多くの人は銀座の表通りに目を向けがちですが、実は銀座の華やかさの中にも昔から変わらない場所があります。そして、このような変わらない場所で小さなつながりが広がっていき、それを継承したいという思いが、さらに銀座の未来につながっていくのだと思います。

岳史さん:
「こだわっているというよりは当たり前のことをずっと続けている感じが強いです。今まで来てくれたお客さんを丁寧にきれいにしてお帰しする、本当にシンプルなことをただずっと続けています」

何か特別なことをするのではなく、当たり前のことを当たり前に続けることがお客様との信頼を築き、今のHair Salon Sasakiがあるのではないかと思いました。

千葉から週に一度来る移動販売車

あや子さんと伊藤さんは若い頃からの付き合いで、自然と笑顔になる

Hair Salon Sasakiの暮らしの一コマを紹介します。
店の目の前にトラックが止まり、あや子さんが陳列されている商品から野菜やお肉などを買いながら、お兄ちゃんと呼んで楽しそうに話しているのは伊藤治郎さん。千葉から2時間ほどかけて、銀座に移動販売に来ています。他にも深川など、下町で野菜、お米などを販売しているそうです。

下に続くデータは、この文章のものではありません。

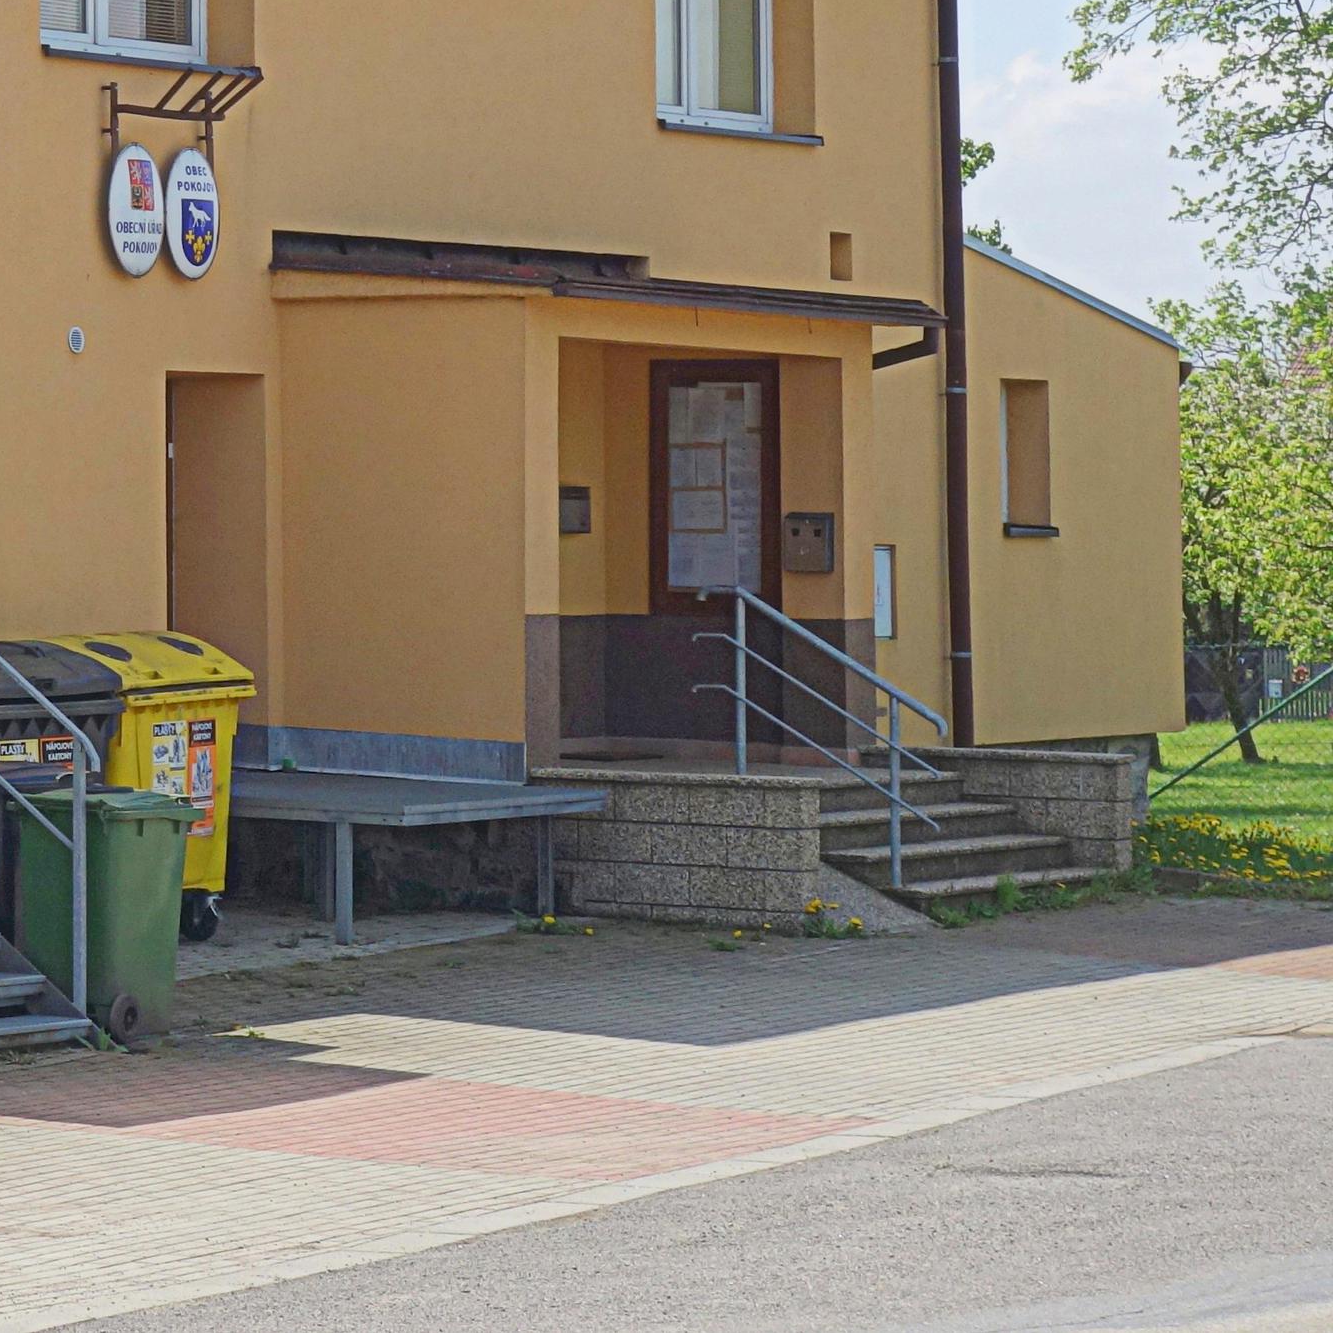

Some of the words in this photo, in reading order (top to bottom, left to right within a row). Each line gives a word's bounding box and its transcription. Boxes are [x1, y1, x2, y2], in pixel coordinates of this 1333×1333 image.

かつては電車でお米や野菜を売りに来ていた親の代から受け継ぎ、約40年もの間、移動販売を続ける伊藤さんは、自身や知り合いの作った野菜を販売してきました。しかし、お客さんには高齢者が多く「せんべいとか駄菓子ないの?」という声もあり、今では果物、せんべい、駄菓子なども販売しています。現在の銀座からは移動販売のイメージはなかなか想像できませんが、10年ほど前まではその数は多く、いろいろなところで見かけることができました。しかし、当時からは半分ほどにお客さんが減ってしまい、伊藤さんの販売自体も減少してしまっていると言います。

そんな中でも、変わらず通い続けてくれているお客さんのうちの一人が佐々木さんです。ご自身の作った野菜を美味しいと待ってくれているお客さんがいる。そんな人と人とのつながりがあるからこそ、伊藤さんは今も変わらず銀座に移動販売をしに来ています。

日本の商業の中心地である銀座にも小さなつながりから生まれる心のつながりがあり、昔から変わらずあり続けるお店があることを発見することができました。そして、それらはこれからも変わりゆく銀座の中でも引き継がれていくことを願っています。